Um denen, die einen Fernseher haben und die Sendung eventuell kennen, gegenüber gehobener zu wirken, weil sie sich ja keinen Scheiß im Fernsehen anschauen (aber dafür umso mehr im Internet).


----------



## Cantharion (21. Juni 2011)

Ich bin froh dass RTL soviel fälscht - schau mal um 13 Uhr RTL/Sat1 - Wären das "echte Menschen" würde ich auswandern. Oo

Ernsthaft: Die Frau sollte RTL anzeigen.


----------



## Potpotom (21. Juni 2011)

Ich bin überrascht... und ich mag Kekse!

Ach Mensch, wir wollen so eine Scheisse doch sehen!

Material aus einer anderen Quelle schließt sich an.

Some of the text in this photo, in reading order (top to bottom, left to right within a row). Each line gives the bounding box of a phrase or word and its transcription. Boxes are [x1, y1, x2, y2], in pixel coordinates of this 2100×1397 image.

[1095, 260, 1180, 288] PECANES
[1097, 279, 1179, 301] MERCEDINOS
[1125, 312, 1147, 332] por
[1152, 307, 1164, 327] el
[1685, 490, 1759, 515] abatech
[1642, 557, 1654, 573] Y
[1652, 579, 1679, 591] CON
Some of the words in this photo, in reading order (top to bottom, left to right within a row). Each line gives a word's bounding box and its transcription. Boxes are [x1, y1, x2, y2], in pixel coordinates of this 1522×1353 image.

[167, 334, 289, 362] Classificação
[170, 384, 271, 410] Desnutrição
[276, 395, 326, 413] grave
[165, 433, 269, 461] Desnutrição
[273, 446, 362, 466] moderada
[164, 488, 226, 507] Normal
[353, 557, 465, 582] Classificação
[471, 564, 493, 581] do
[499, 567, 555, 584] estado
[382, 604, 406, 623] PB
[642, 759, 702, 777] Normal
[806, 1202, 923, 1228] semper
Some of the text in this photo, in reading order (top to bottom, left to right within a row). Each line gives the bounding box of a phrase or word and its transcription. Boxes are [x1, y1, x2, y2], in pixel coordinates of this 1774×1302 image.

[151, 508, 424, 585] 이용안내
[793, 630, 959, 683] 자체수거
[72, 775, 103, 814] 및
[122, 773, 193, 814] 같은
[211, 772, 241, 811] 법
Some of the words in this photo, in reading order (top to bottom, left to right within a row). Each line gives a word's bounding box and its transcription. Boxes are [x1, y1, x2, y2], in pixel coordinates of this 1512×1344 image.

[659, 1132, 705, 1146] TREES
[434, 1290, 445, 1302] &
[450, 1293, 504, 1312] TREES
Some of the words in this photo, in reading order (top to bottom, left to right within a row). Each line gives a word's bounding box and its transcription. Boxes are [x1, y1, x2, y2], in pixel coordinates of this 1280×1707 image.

Irgendeine langweilige Hundezucht ist doch vollkommen uninteressant... wuhuuu, die hat dem Hund gerade Futter in den Napf getan, ich kippe gleich aus den Latschen vor Spannung!

PS: Nein, Sendung nie gesehen... WIR als Gesellschaft gesehen.


----------



## Elda (21. Juni 2011)

sympathisant schrieb:


> warum schreiben menschen, die keinen fernseher haben, die die sendung nicht kennen, in solche threads, dass sie keinen fernseher haben und die sendung nicht kennen? ist das irgendwie relevant?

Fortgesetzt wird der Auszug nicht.